According to a recent Wall Street Journal survey, the percentage of Americans who support and oppose letting the country default for the first time is about the same. The survey found that 45% of Americans polled do not support Congress raising the debt ceiling. John Houck, a 63-year-old resident near Phoenix, said, “I want them to stop printing money,” but he does not want the US to default on its debt.
Politically, Republicans tend to be more skeptical, with three-quarters of Republican voters opposed to raising the debt ceiling. Meanwhile, the general public’s approval rating is 44%, and Democrats’ approval rating is 74%. Donna Good, a 70-year-old Democrat living in Colorado, thinks the country must avoid default. If that happens, she will blame the far-right of the Republican Party, as well as House Speaker Kevin McCarthy, for failing to quell the objections.
The Republican-controlled House of Representatives is demanding spending cuts in exchange for agreeing to raise the debt ceiling. However, President Biden wants the House to approve it with no conditions attached. On May 9, congressional leaders from both parties gathered in the Oval Office with President Joe Biden for the first phase of negotiations. But that is just the beginning of the long road.
This week, President Biden launched a new effort to garner support from Republican lawmakers in localities with a large Democratic constituency. On May 10, he delivered a message to New York’s Hudson Valley, one of 18 Republican-controlled constituencies.

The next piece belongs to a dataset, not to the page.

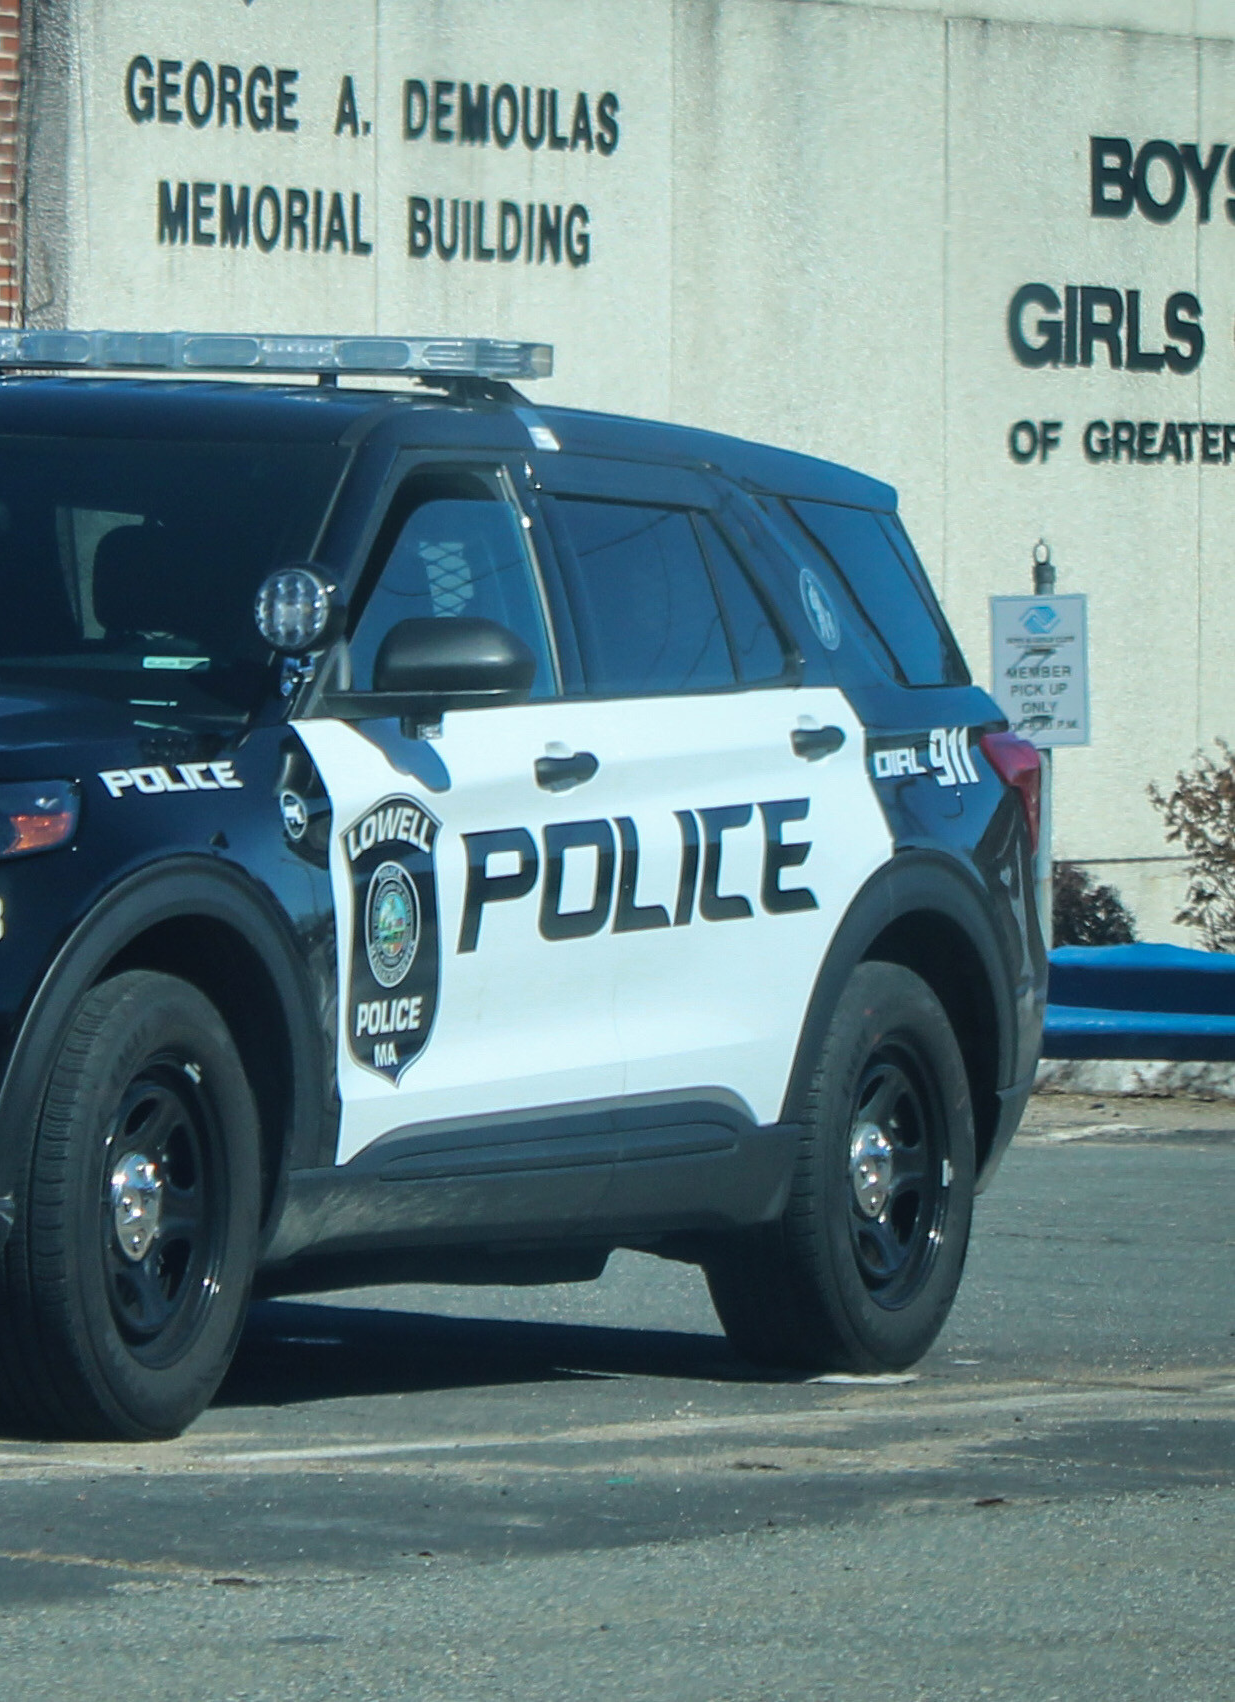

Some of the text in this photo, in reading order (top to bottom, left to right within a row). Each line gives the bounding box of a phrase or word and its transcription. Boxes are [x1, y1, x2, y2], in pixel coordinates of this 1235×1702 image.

In recent years, the US’s inability to default on government bonds has been considered the basis of the global financial system. The country issues the world’s reserve currency, so investors are always ready to lend to the country.
However, through a politically rigid measure known as the public debt ceiling, the total amount of government-allowed loans, a real default is possible, according to the Economist. Occasionally, like in 2011, 2013 and now, the US faces a public debt ceiling that Congress must agree to or remove to avoid creating a default situation. This time, the US reached its maximum borrowing limit of $31.4 trillion in mid-January, prompting the Treasury Department to use temporary measures to pay off its due debts.

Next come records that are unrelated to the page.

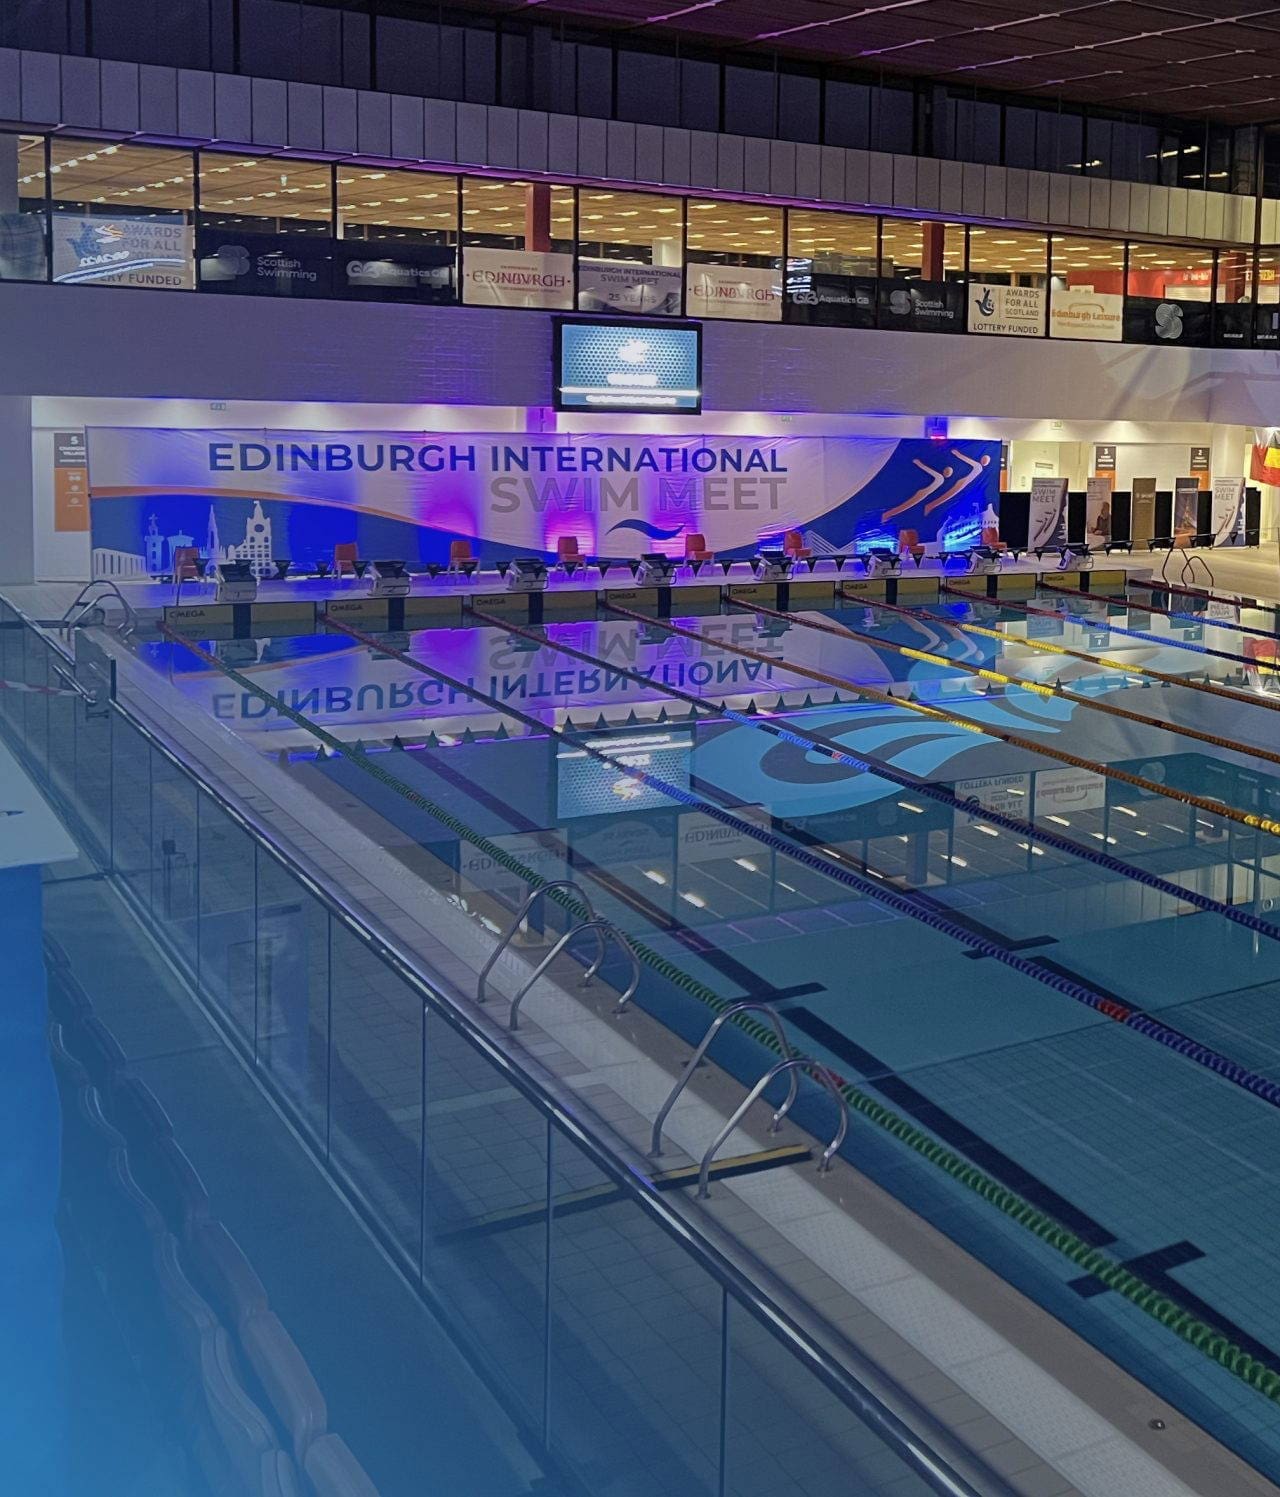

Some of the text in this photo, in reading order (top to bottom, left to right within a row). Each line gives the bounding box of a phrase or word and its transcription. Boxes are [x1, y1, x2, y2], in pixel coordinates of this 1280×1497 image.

[153, 240, 180, 252] ALL
[257, 256, 301, 269] Scottish
[128, 273, 182, 286] FUNDED
[257, 267, 317, 282] Swimming
[600, 274, 660, 286] SWIM MEET
[819, 294, 856, 304] Aquatics
[1006, 288, 1040, 298] AWARDS
[915, 299, 944, 309] Scottish
[1005, 298, 1039, 309] FOR ALL
[915, 307, 954, 319] Swimming
[1005, 308, 1039, 317] SCOTLAND
[973, 322, 1039, 334] LOTTERY FUNDED
[209, 442, 788, 473] EDINBURGH INTERNATIONAL
[490, 476, 788, 513] SWIM MEET

According to Finance Minister Janet Yellen, these options will expire after June 1. Experts say that if the public debt ceiling is not raised, leading to the country’s default, it could push the economy into a recession. Moody’s Analytics predicts that default will cost more than 7 million jobs and send the unemployment rate above 8%. The rating agency also predicts a 20% drop in stock market capitalization.

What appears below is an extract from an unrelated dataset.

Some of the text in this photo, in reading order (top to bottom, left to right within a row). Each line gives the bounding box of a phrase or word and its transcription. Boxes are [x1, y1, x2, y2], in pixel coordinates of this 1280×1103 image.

Over the past decade, the S&P 500 has fallen an average of 6.5% in the month before the debt ceiling deadline, analysts at asset management firm Pimco note. In 2013, during an impasse over the public debt ceiling, officials at the US Federal Reserve (Fed) calculated that if the country defaulted on its debt in a month, it would cause the dollar to fall by 10% and stocks by 30%.
However, not all Americans agree to raise the public debt ceiling, and they also expressed varying levels of skepticism about the severity of the country defaulting on its debt. Howard Brady, a 56-year-old microfinance consultant in Seattle, thinks the country’s credit rating will drop but only temporarily. Meanwhile, he thinks the White House can take additional steps to avoid default after June 1, including furloughing federal employees.
Christian Nascimento, a 49-year-old Republican and CEO from Philadelphia, acknowledges that raising the debt ceiling is inevitable for the US. However, he believes that the issue cannot be solved mechanically by just increasing the ceiling and urges discussions on government spending to determine how much is sustainable.
On the other hand, Lidia Cosme, a resident in her 60s from Chicago, remains optimistic that the economy will improve. Consequently, she sees little urgency for the President to agree to significant budget cuts, confident in the country’s strength.
The Economist predicts that despite political disagreements, both parties will find a way to prevent disaster for the nation, though investors may need to endure a period of insecurity. Moody’s Analytics’ chief economist, Mark Zandi, notes emerging concern in financial markets but states that most investors remain steady before the June 1 deadline.
Reaching a decision overnight is unlikely in American politics, and it cannot be ruled out that the market may need to experience turmoil to push legislators towards prompt action. Zandi comments that the longer the financial markets react, the greater the likelihood of legislative failure to act promptly, as market turmoil may be essential in creating the political will needed for acceptance.
While default remains the least likely outcome, it is no longer a pipe dream, given investors’ acute awareness, as stated by The Economist.